Liz stared blankly at me before turning around and shuffling away from the window. I figured she’d lost interest in me and I returned to the kitchen. But shortly, I heard something come charging through the living room window. When I looked, I saw Liz pulling herself from the shards of broken glass on the floor. In this light, I could tell that she was rotting—I even thought I saw a maggot poke up from her left cheek and then sink back in. Liz approached me slowly, I didn’t even feel threatened. But then she lunged and the full force of her body knocked me over.

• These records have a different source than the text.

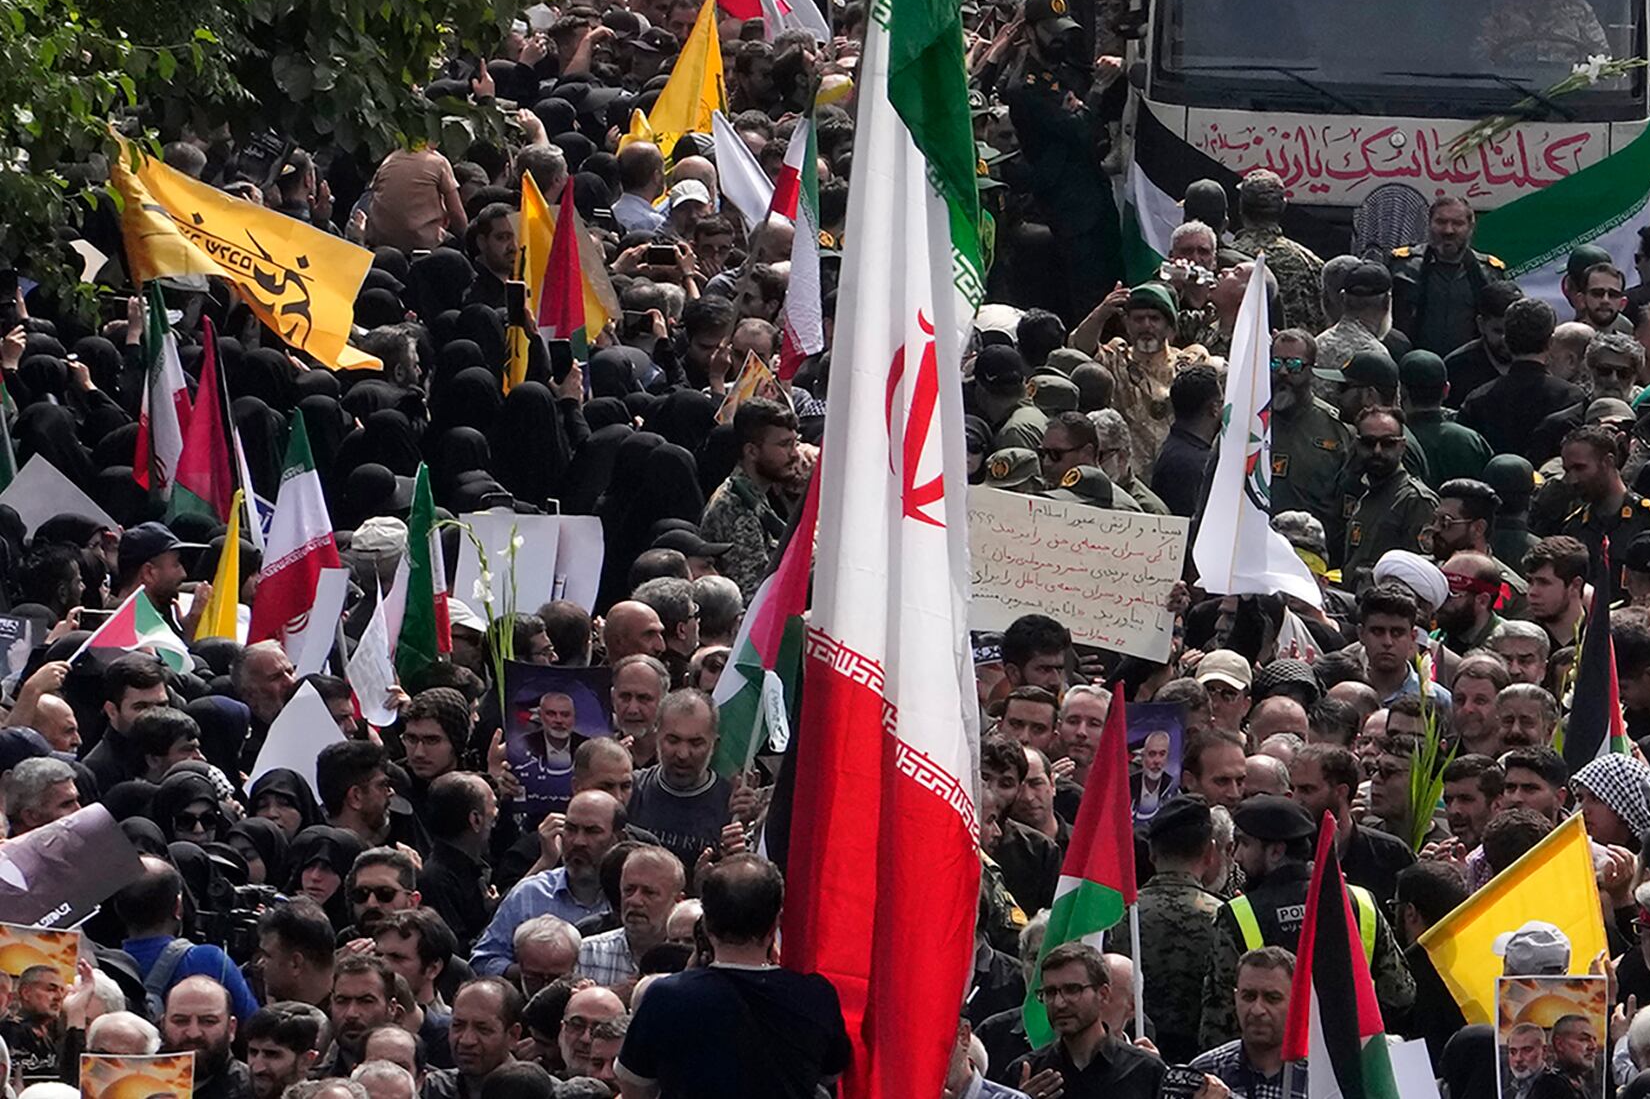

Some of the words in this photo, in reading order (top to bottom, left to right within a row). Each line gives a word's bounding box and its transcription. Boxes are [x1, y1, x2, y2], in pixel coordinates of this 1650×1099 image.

[1100, 517, 1132, 534] ارتش
[1136, 527, 1145, 538] و
[1152, 517, 1182, 540] سپاه
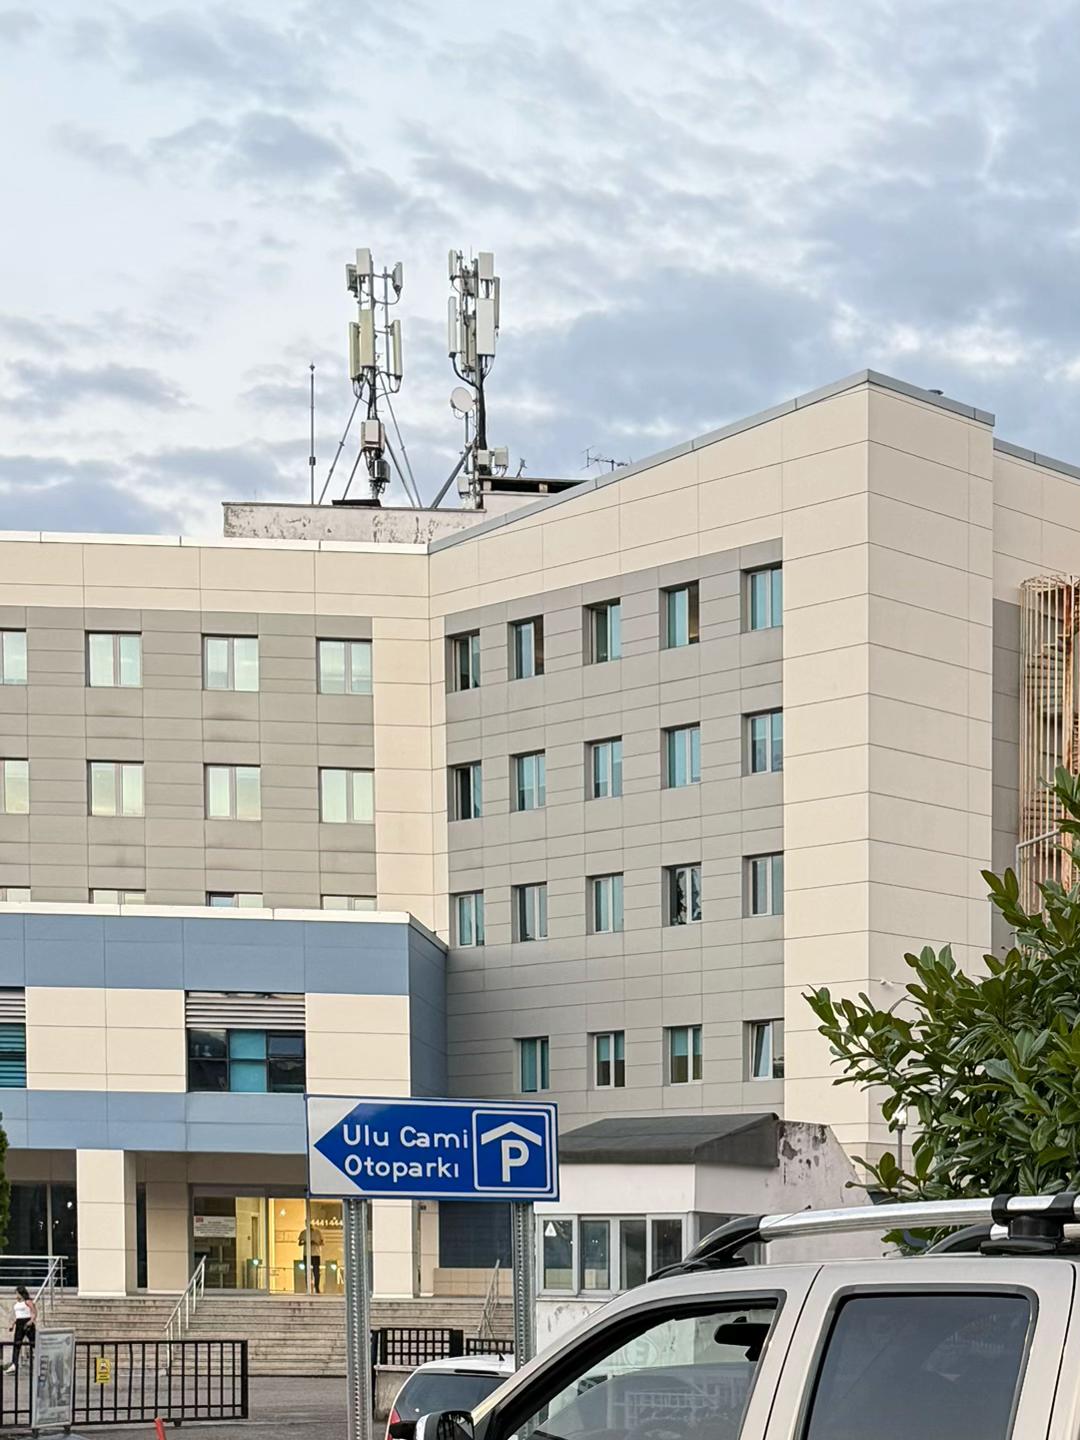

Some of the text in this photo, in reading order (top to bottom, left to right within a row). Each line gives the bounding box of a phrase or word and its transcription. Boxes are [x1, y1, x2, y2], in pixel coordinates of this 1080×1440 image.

[342, 1123, 469, 1149] Ulu Cami
[344, 1154, 459, 1183] Otoparkı
[501, 1139, 530, 1183] P
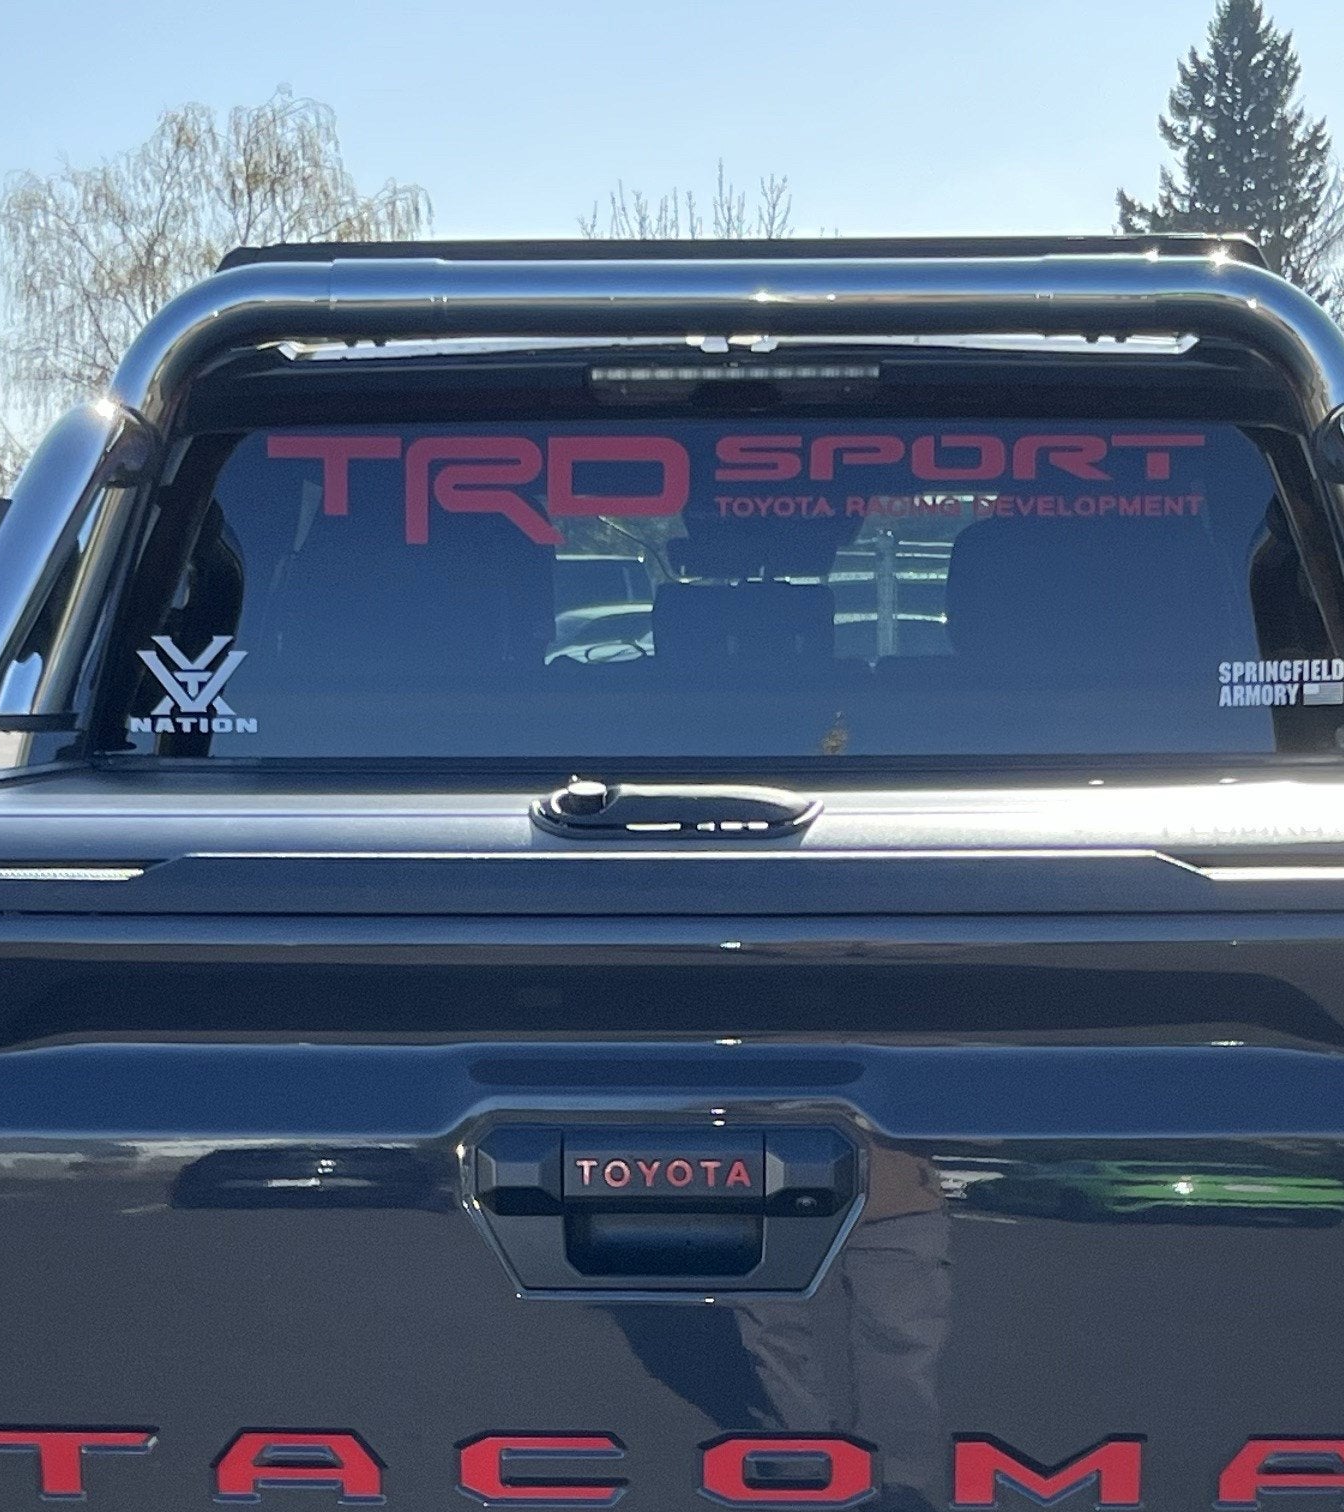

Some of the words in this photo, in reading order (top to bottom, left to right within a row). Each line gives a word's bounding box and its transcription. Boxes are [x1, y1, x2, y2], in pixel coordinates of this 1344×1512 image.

[714, 434, 1206, 482] SPORT
[267, 435, 690, 545] TRD
[715, 496, 835, 518] TOYOTA
[845, 496, 962, 518] RACING
[972, 495, 1204, 517] DEVELOPMENT
[1218, 683, 1300, 707] ARMORY
[129, 717, 258, 733] NATION
[575, 1158, 752, 1188] TOYOTA
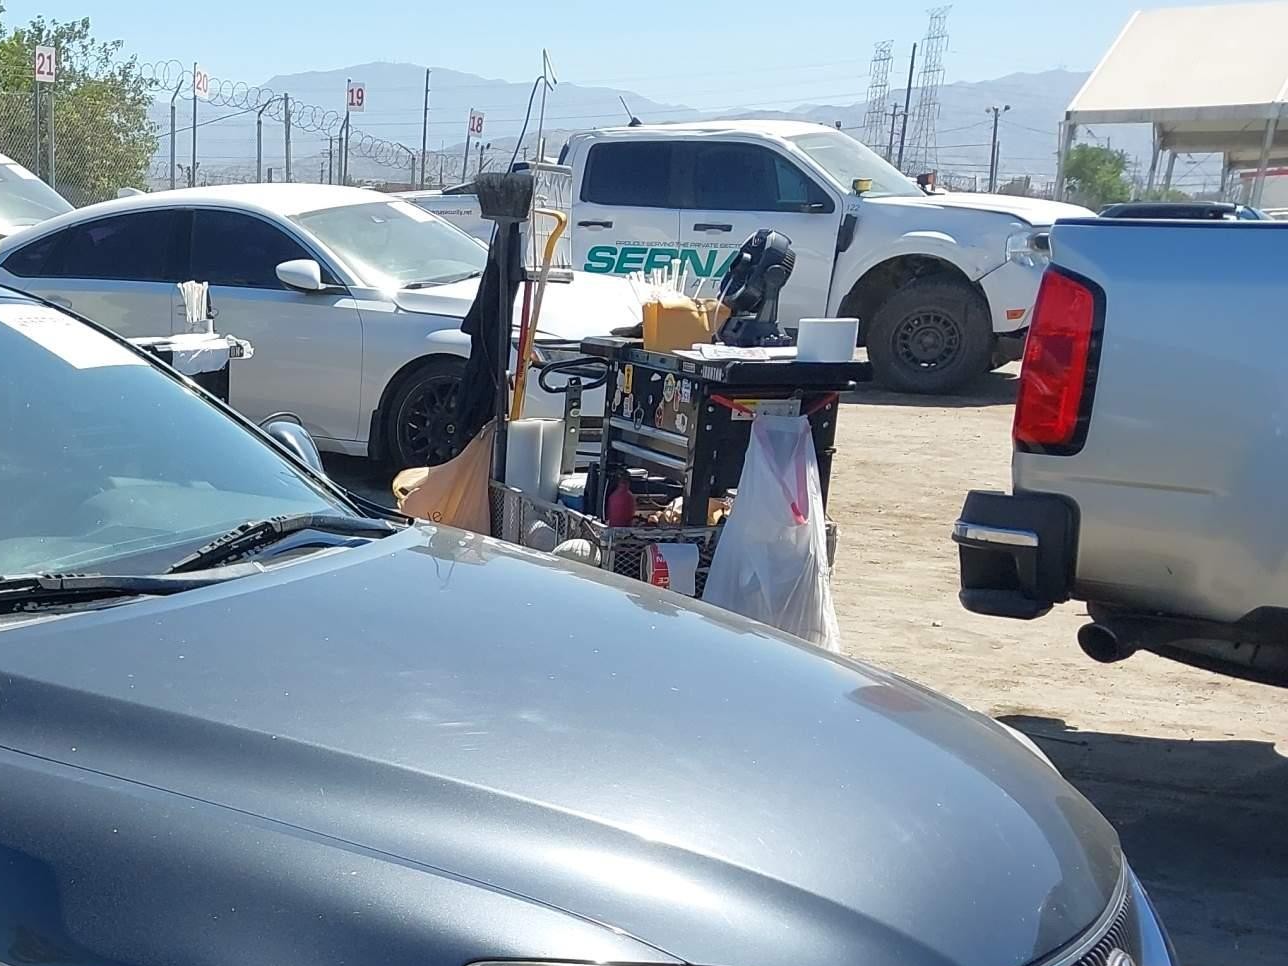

There we were on the kitchen floor; her, ravaging my flesh, me, helpless. Blood spurted from my neck, keeping rhythm with my fading pulse. I could hear my pulse reverberating in my brain, “bum bum, bum bum, bum…” The last one. Everything went black for an instant and I felt nothing. But then my eyes shot open—Liz was standing behind me, she opened the freezer and was savagely tearing into a package of frozen steaks. I slowly rose onto my feet from the floor—without blood and oxygen coursing through my veins, moving was a chore. Liz heard me moving around and stopped chewing on the t-bone. She turned her head and her bloodshot eyes met my own; I recognized my blood smeared across her face and arms, her clothes. She groaned and I grunted in response. She howled with delight. I felt a cold, slimy sensation on my arm and looked—it was a vein hanging from neck that Liz did not completely dislodge. Liz saw me fiddling with it and ripped it off, tossing it on the white linoleum tiles. I grabbed the back of Liz's head and ripped off a chunk of her scalp—the exposed region oozed with puss and old blood. Liz gave another howl of happiness.

On the wind, I caught the scent of something delicious and vulnerable. Liz smelled it too and dropped the frozen steak. Together we sauntered off in pursuit of fresh prey—our own zombie love story. Didn’t I tell you true love endures all things?